● **PROBLEM REQUIREMENTS**: The expected output is every record below, transcribed exactly, with the pictures left out.

--- --- ---

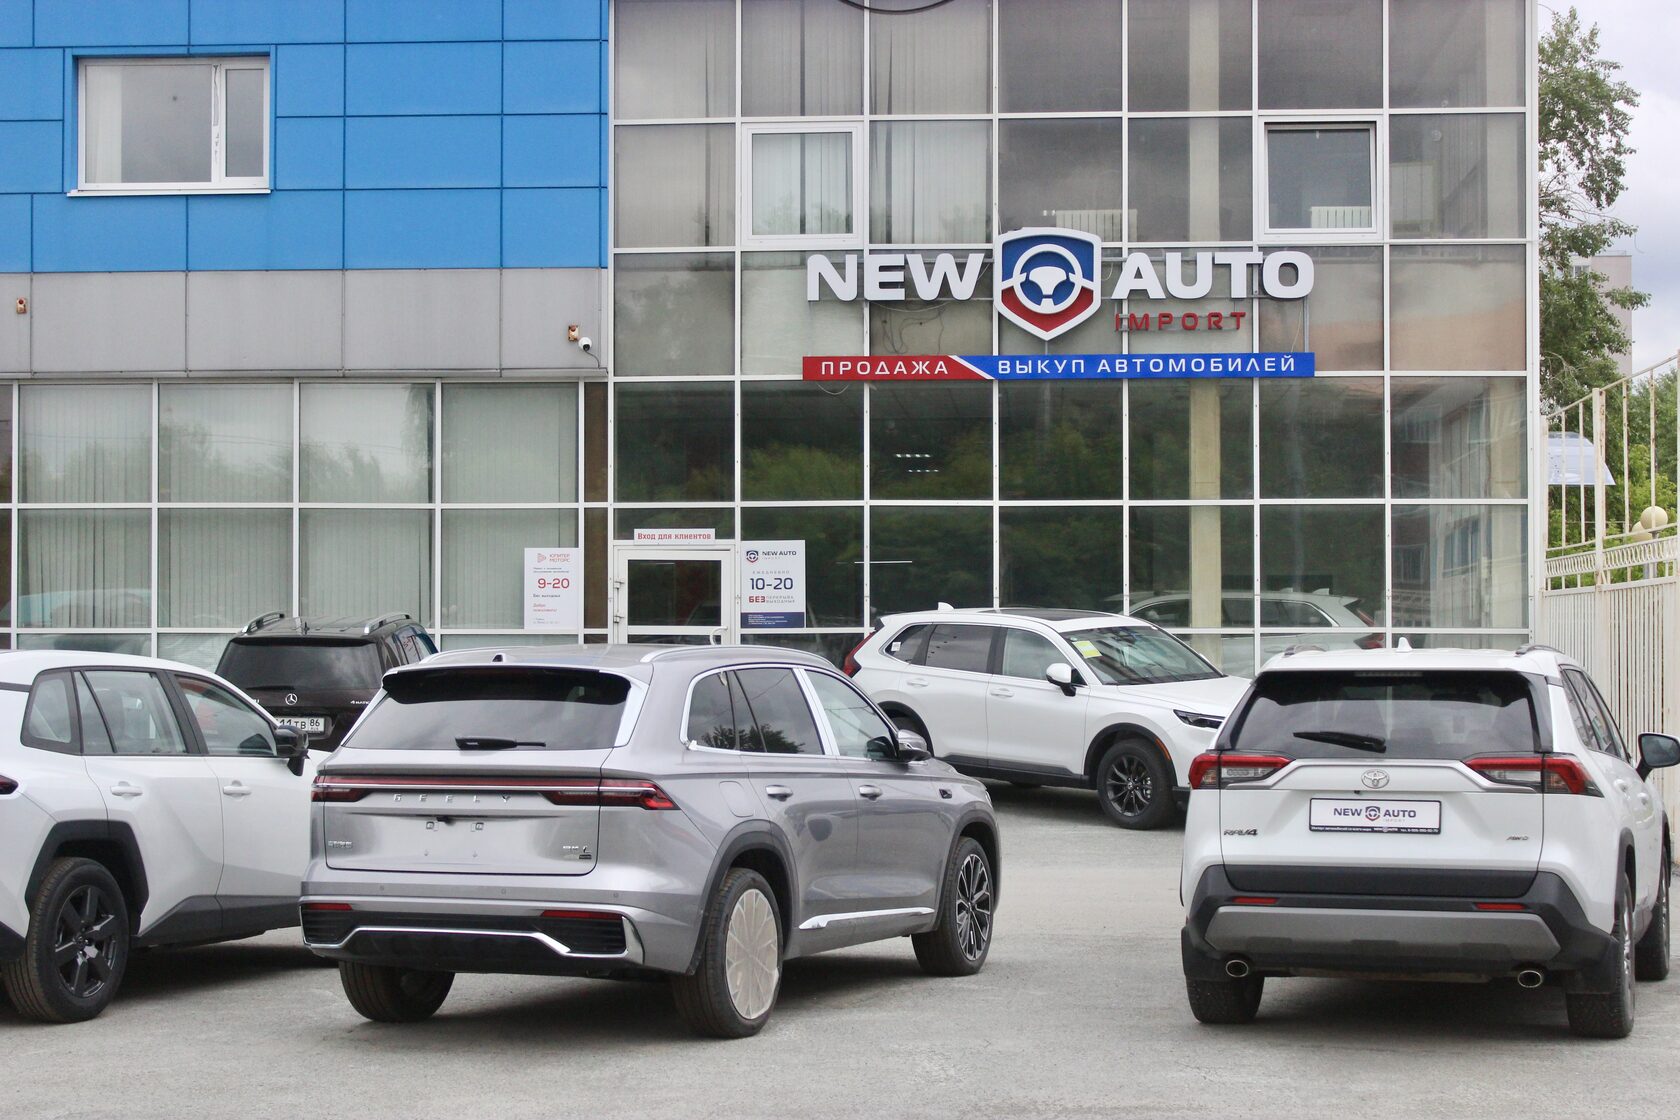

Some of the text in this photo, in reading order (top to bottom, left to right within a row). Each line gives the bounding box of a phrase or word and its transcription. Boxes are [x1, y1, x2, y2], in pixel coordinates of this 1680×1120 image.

[806, 250, 1315, 301] NEW AUTO
[1115, 312, 1246, 331] IMPORT
[821, 360, 948, 375] ПРОДАЖА
[998, 355, 1295, 374] ВЫКУП АВТОМОБИЛЕЙ
[637, 532, 656, 540] Вход
[674, 532, 712, 540] клиентов
[537, 577, 570, 589] 9-20
[750, 577, 794, 590] 10-20
[748, 595, 766, 603] БЕЗ
[309, 718, 321, 727] 86
[393, 793, 511, 803] GEELY
[1333, 807, 1417, 818] NEW AUTO

--- --- ---

● **YOUR RESPONSE**:
Some of the text in this photo, in reading order (top to bottom, left to right within a row). Each line gives the bounding box of a phrase or word and its transcription. Boxes are [x1, y1, x2, y2], in pixel coordinates of this 1680×1120 image.

[806, 250, 1315, 301] NEW AUTO
[1115, 312, 1246, 331] IMPORT
[821, 360, 948, 375] ПРОДАЖА
[998, 355, 1295, 374] ВЫКУП АВТОМОБИЛЕЙ
[637, 532, 656, 540] Вход
[674, 532, 712, 540] клиентов
[537, 577, 570, 589] 9-20
[750, 577, 794, 590] 10-20
[748, 595, 766, 603] БЕЗ
[309, 718, 321, 727] 86
[393, 793, 511, 803] GEELY
[1333, 807, 1417, 818] NEW AUTO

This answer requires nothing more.